== Segment start ==

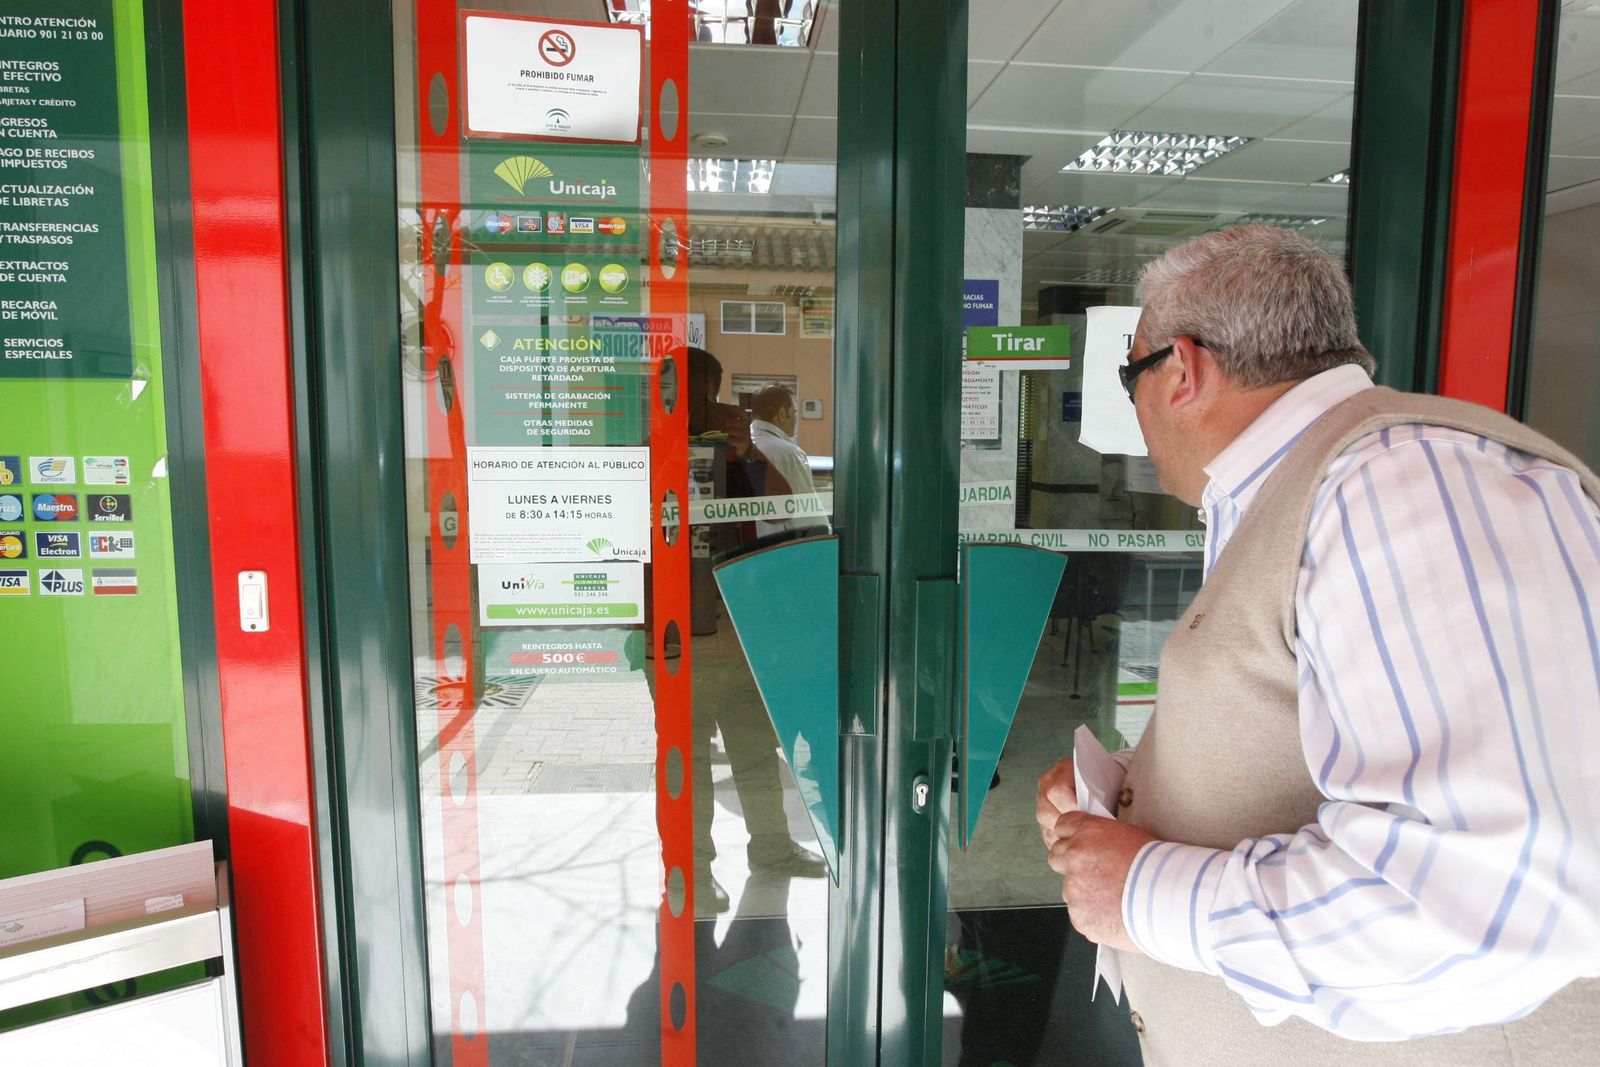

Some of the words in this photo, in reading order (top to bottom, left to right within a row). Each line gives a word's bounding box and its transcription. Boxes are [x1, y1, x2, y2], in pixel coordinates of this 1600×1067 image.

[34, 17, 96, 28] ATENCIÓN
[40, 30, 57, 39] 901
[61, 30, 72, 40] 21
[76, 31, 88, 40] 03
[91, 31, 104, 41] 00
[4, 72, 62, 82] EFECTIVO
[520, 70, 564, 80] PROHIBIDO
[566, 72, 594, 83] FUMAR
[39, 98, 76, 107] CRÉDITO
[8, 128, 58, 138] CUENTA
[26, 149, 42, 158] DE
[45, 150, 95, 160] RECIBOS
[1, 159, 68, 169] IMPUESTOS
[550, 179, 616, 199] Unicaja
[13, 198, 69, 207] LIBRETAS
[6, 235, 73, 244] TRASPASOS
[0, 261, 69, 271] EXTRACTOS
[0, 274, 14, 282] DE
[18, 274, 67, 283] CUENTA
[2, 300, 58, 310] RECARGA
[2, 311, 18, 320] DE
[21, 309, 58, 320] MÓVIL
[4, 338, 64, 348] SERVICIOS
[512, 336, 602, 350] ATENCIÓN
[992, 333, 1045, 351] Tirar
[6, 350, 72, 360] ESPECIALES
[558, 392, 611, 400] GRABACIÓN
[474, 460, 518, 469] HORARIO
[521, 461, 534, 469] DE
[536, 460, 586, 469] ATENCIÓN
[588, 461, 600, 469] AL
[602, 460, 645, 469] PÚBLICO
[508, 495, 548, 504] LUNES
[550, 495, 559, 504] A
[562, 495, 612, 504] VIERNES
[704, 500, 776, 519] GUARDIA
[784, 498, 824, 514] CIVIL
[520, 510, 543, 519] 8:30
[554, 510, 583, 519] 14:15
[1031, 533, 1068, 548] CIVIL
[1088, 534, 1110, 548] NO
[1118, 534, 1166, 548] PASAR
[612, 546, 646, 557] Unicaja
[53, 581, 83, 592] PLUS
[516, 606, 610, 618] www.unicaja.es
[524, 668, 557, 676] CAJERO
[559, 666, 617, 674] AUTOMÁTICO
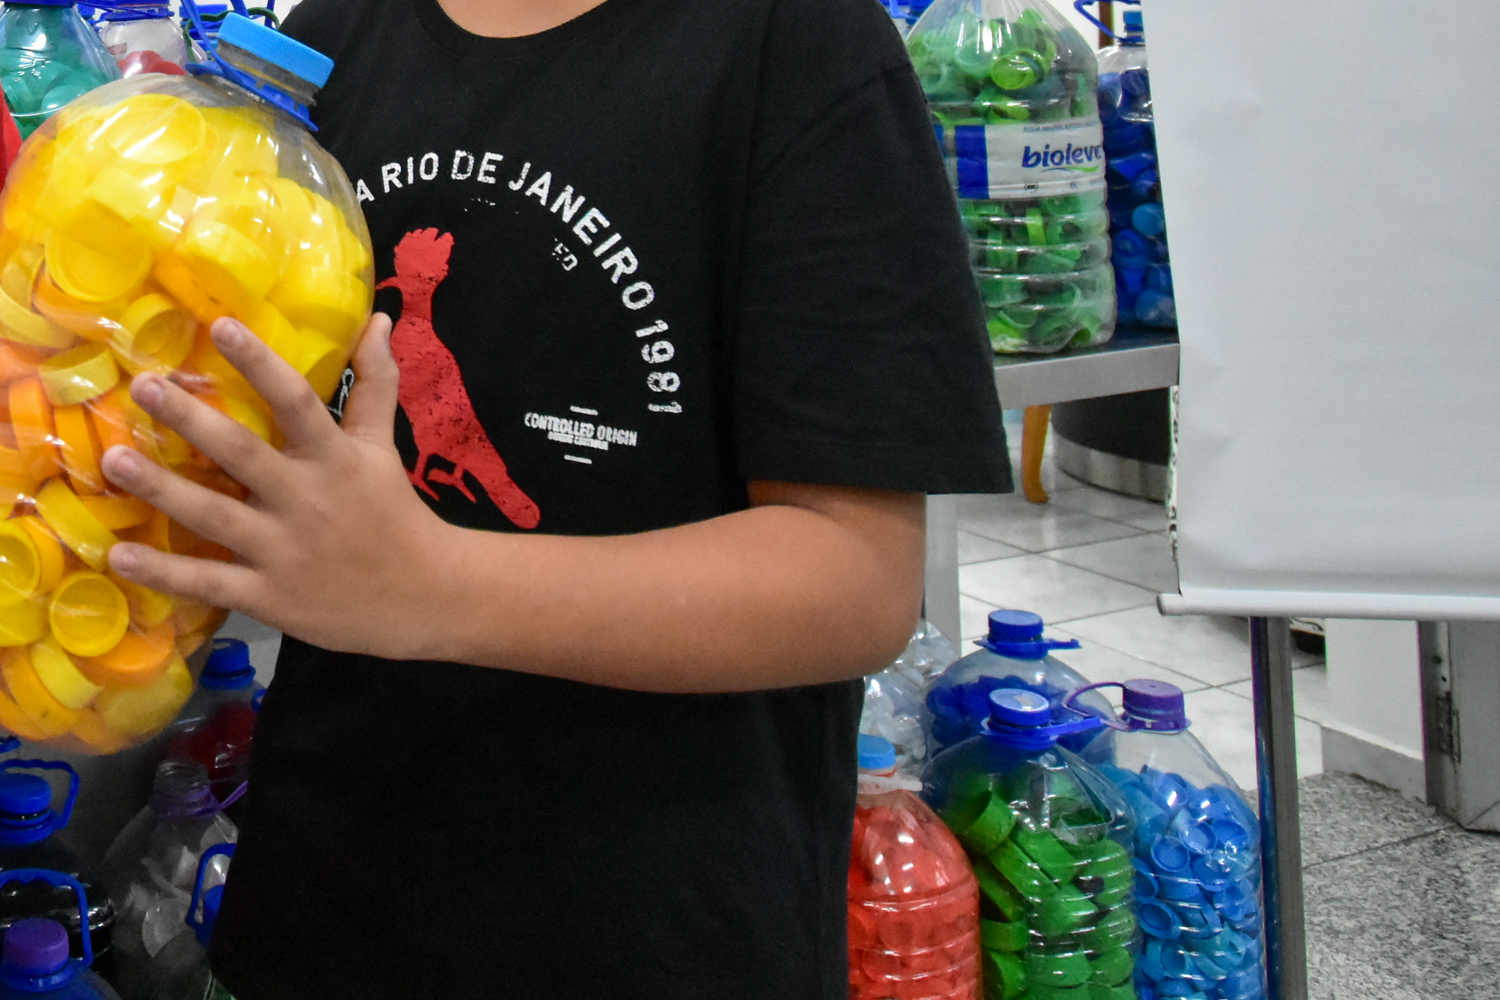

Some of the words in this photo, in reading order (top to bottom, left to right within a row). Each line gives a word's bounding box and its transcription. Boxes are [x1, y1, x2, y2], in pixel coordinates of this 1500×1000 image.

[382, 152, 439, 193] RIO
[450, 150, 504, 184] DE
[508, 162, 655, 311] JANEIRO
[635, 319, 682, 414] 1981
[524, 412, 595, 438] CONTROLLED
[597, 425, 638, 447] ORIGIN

== Segment end ==

The answer must be the line containing "this 1500×1000 image." and every line after it through the last line of the records above, repeated exactly.

Some of the words in this photo, in reading order (top to bottom, left to right within a row). Each line gives a word's bounding box and its transcription. Boxes are [x1, y1, x2, y2], in pixel coordinates of this 1500×1000 image.

[382, 152, 439, 193] RIO
[450, 150, 504, 184] DE
[508, 162, 655, 311] JANEIRO
[635, 319, 682, 414] 1981
[524, 412, 595, 438] CONTROLLED
[597, 425, 638, 447] ORIGIN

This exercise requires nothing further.